§ TASK: Reproduce all the lines below exactly and omit the images.

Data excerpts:
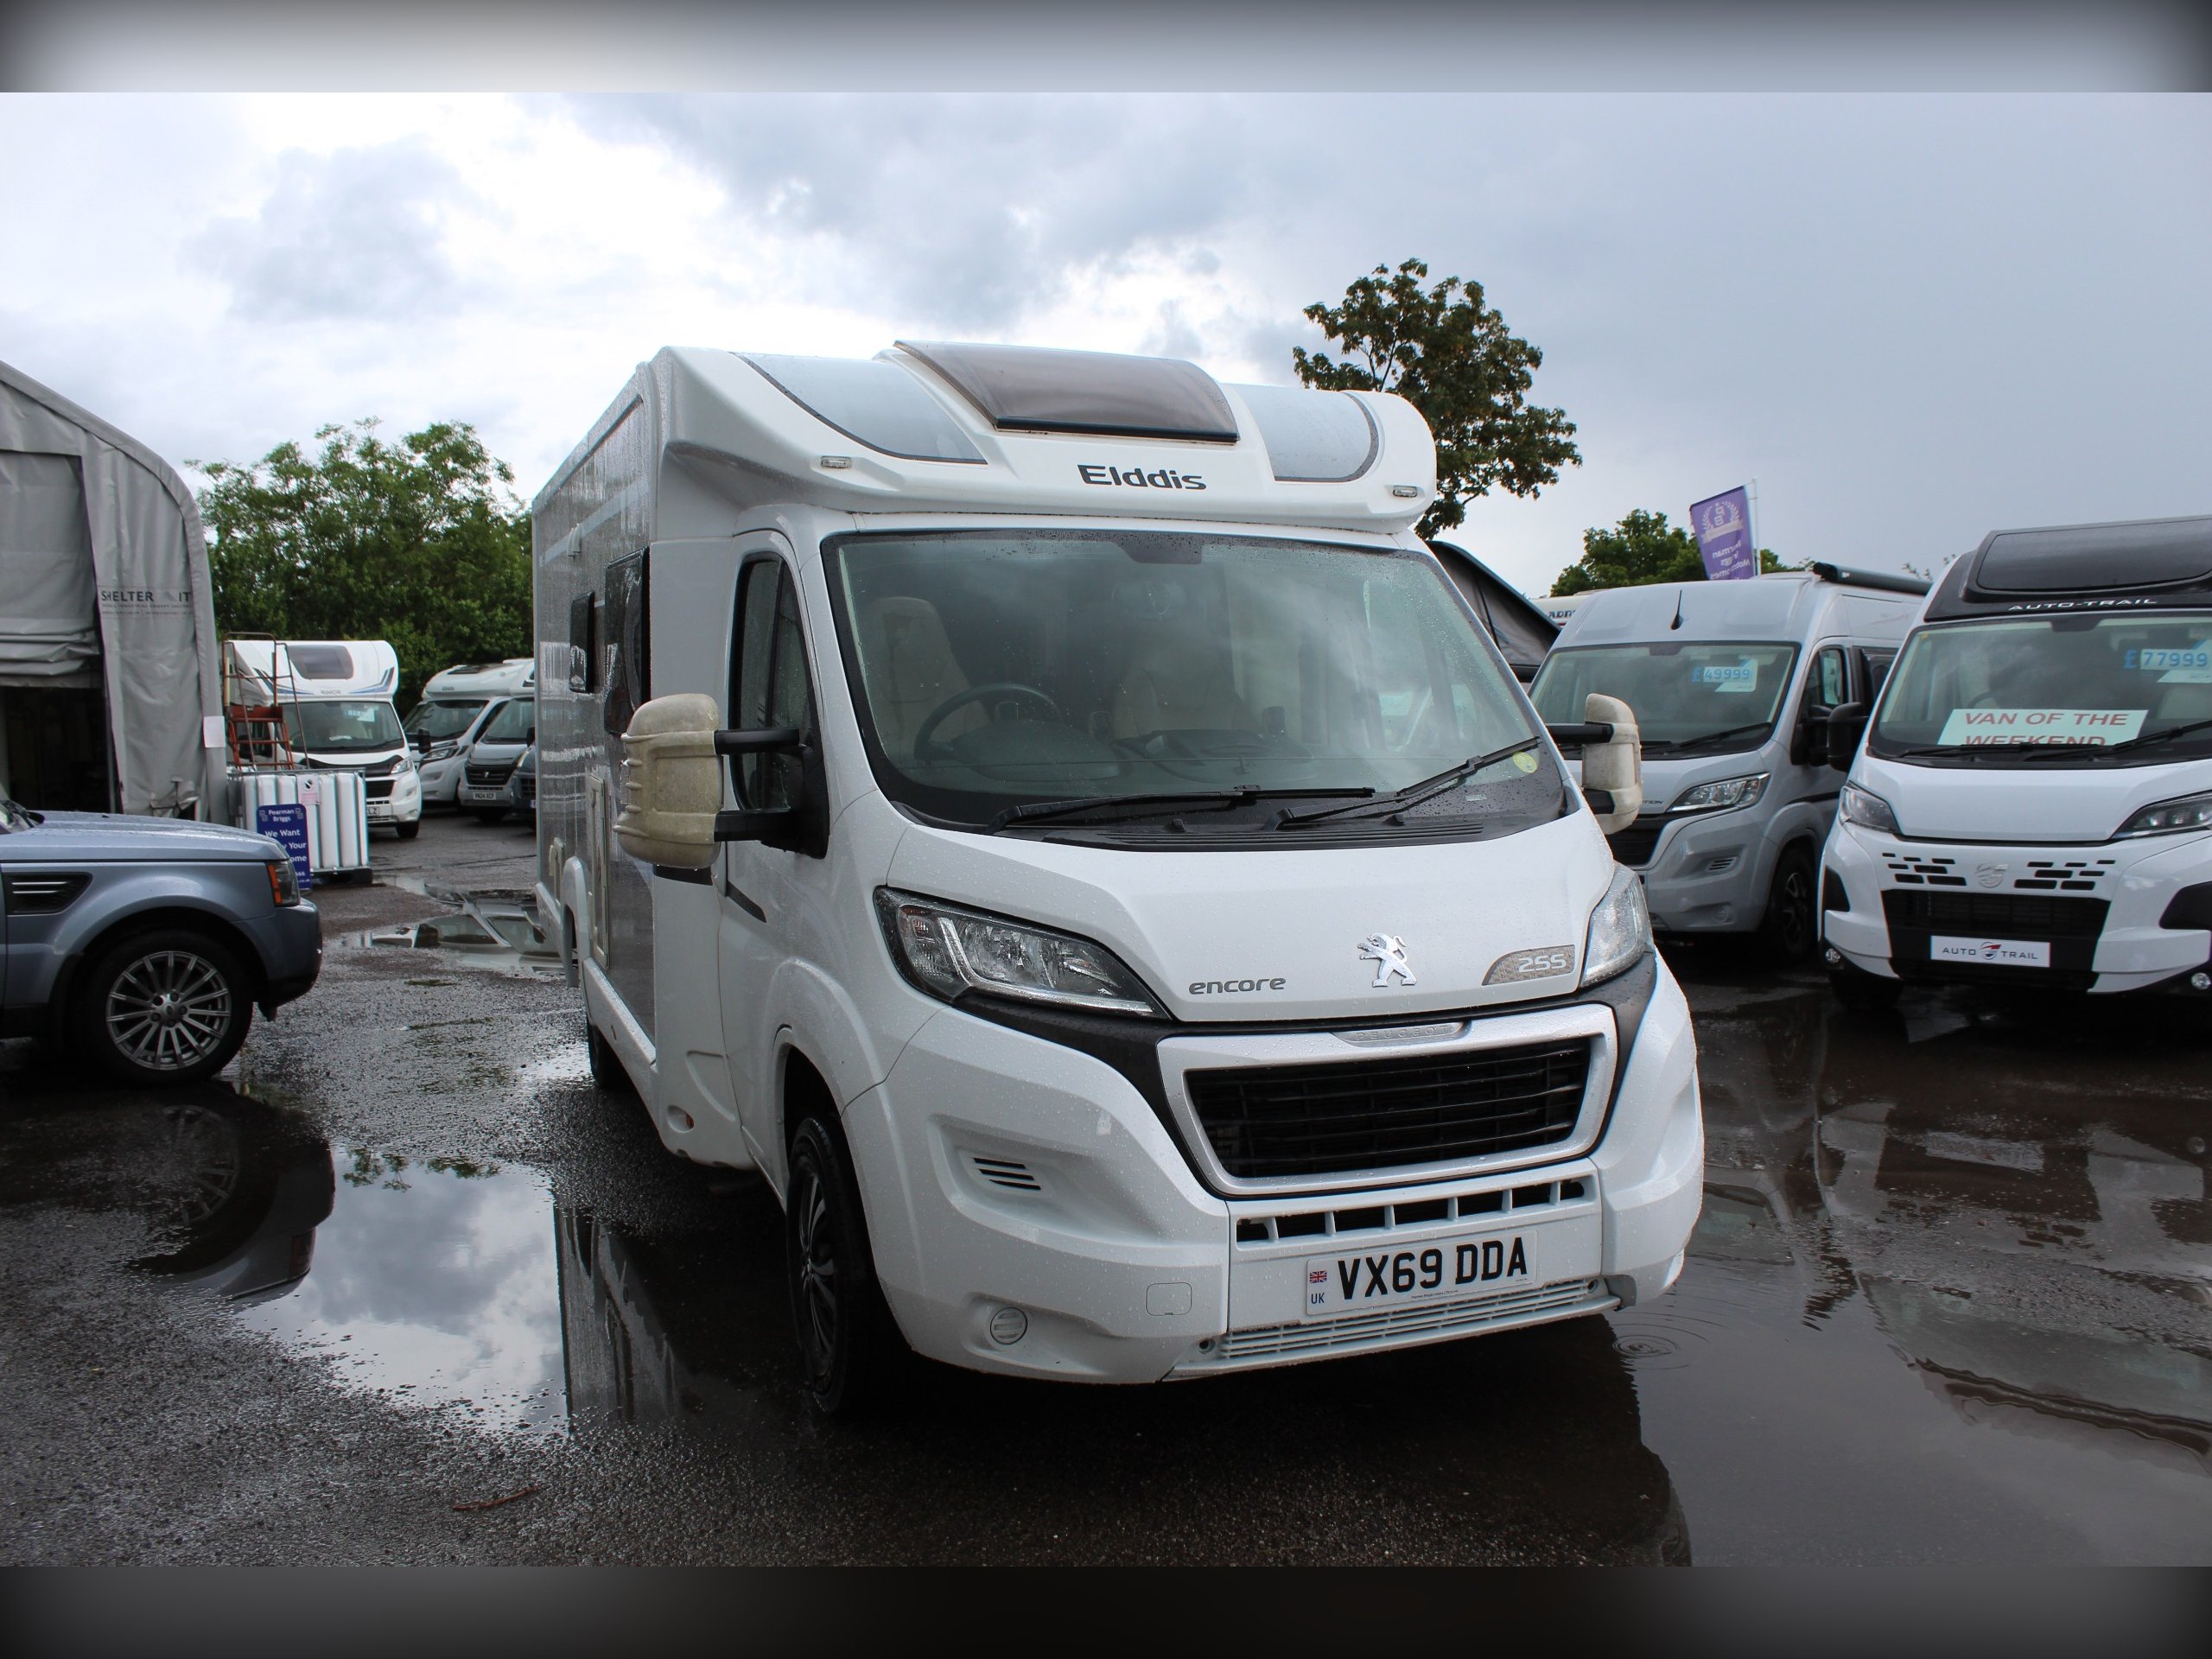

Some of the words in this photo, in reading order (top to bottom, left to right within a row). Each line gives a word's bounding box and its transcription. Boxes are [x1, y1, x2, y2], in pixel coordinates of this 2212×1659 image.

[1077, 464, 1207, 490] Elddis
[101, 590, 154, 601] SHELTER
[1965, 713, 2018, 725] VAN
[2025, 713, 2065, 725] OF
[2073, 713, 2130, 726] THE
[288, 842, 307, 850] Your
[1942, 947, 1976, 956] AUTO
[2001, 950, 2038, 959] TRAIL
[1518, 957, 1567, 974] 255
[1189, 977, 1287, 995] encore
[1311, 1293, 1325, 1304] UK
[1338, 1251, 1443, 1300] VX69
[1455, 1236, 1528, 1285] DDA
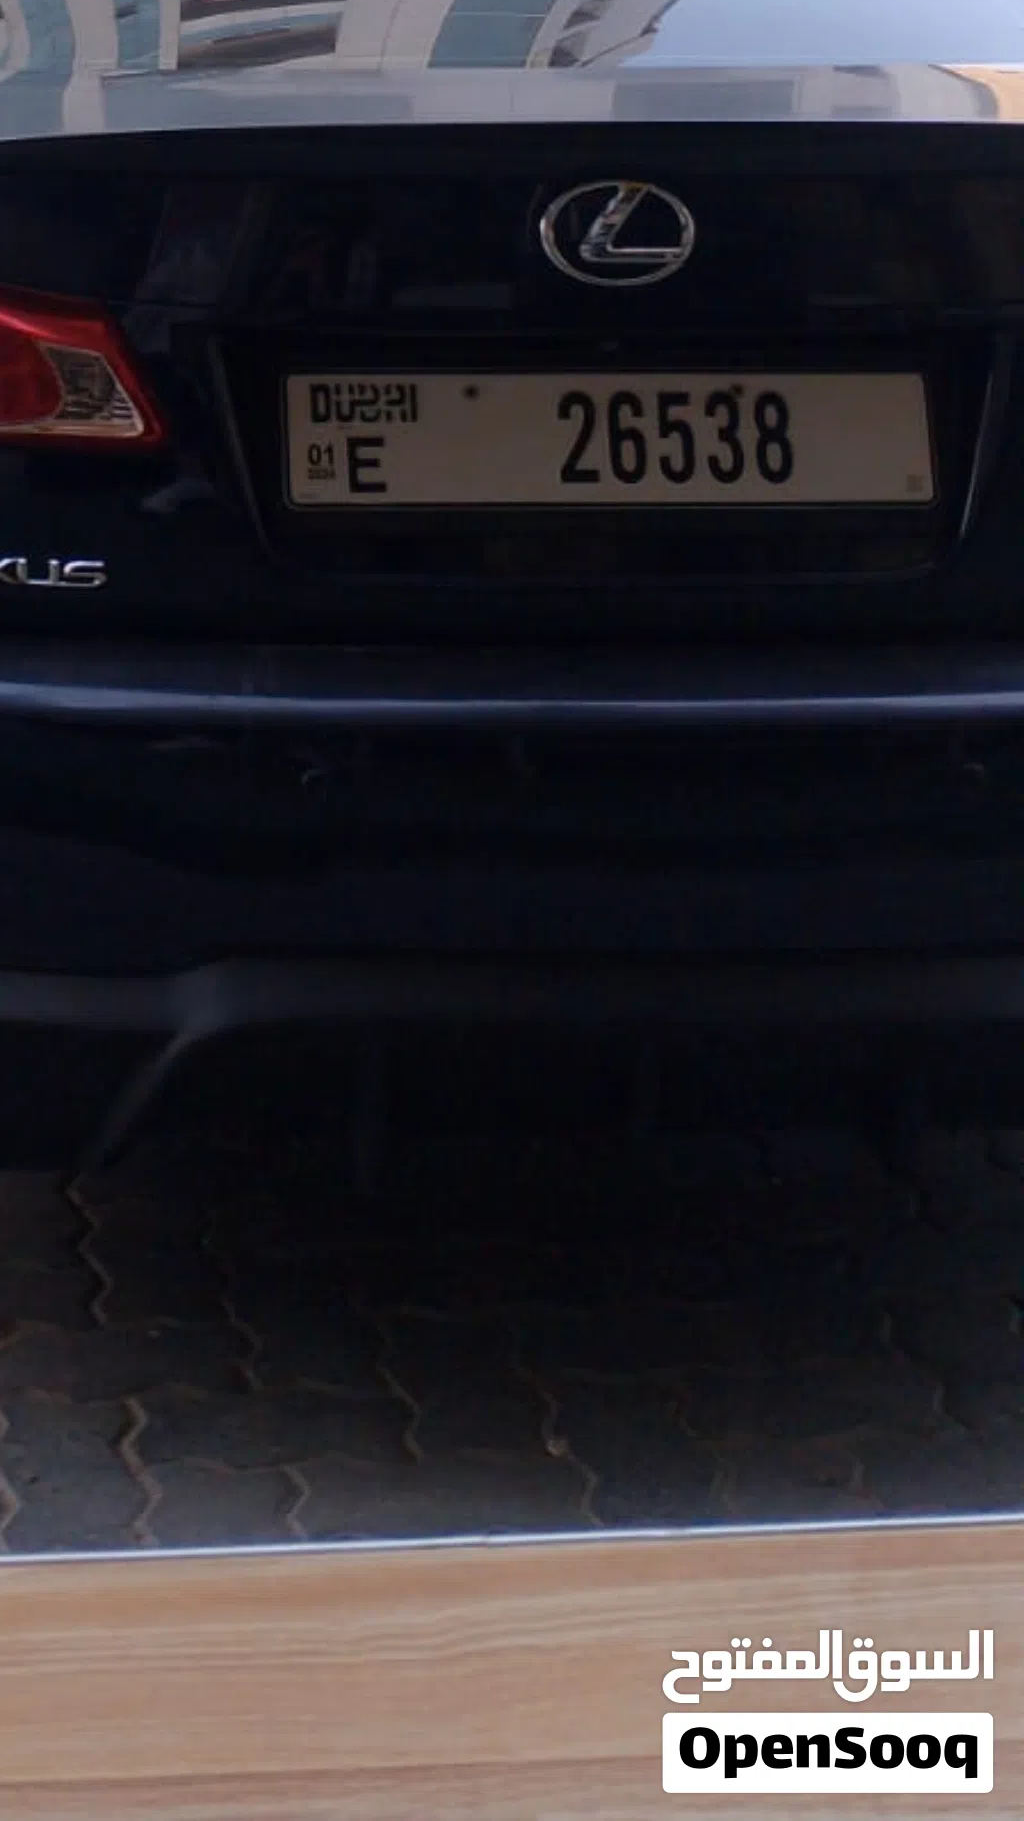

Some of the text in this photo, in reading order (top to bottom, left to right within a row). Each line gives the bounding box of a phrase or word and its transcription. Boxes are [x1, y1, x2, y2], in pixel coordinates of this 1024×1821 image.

§ WRITTEN SOLUTION:
Some of the words in this photo, in reading order (top to bottom, left to right within a row). Each line gives a word's bounding box and its transcription. Boxes are [x1, y1, x2, y2], in pixel coordinates of this 2212×1659 image.

[1077, 464, 1207, 490] Elddis
[101, 590, 154, 601] SHELTER
[1965, 713, 2018, 725] VAN
[2025, 713, 2065, 725] OF
[2073, 713, 2130, 726] THE
[288, 842, 307, 850] Your
[1942, 947, 1976, 956] AUTO
[2001, 950, 2038, 959] TRAIL
[1518, 957, 1567, 974] 255
[1189, 977, 1287, 995] encore
[1311, 1293, 1325, 1304] UK
[1338, 1251, 1443, 1300] VX69
[1455, 1236, 1528, 1285] DDA

Some of the text in this photo, in reading order (top to bottom, left to right within a row). Each line gives the bounding box of a phrase or word and its transcription. Boxes are [x1, y1, x2, y2], in pixel coordinates of this 1024×1821 image.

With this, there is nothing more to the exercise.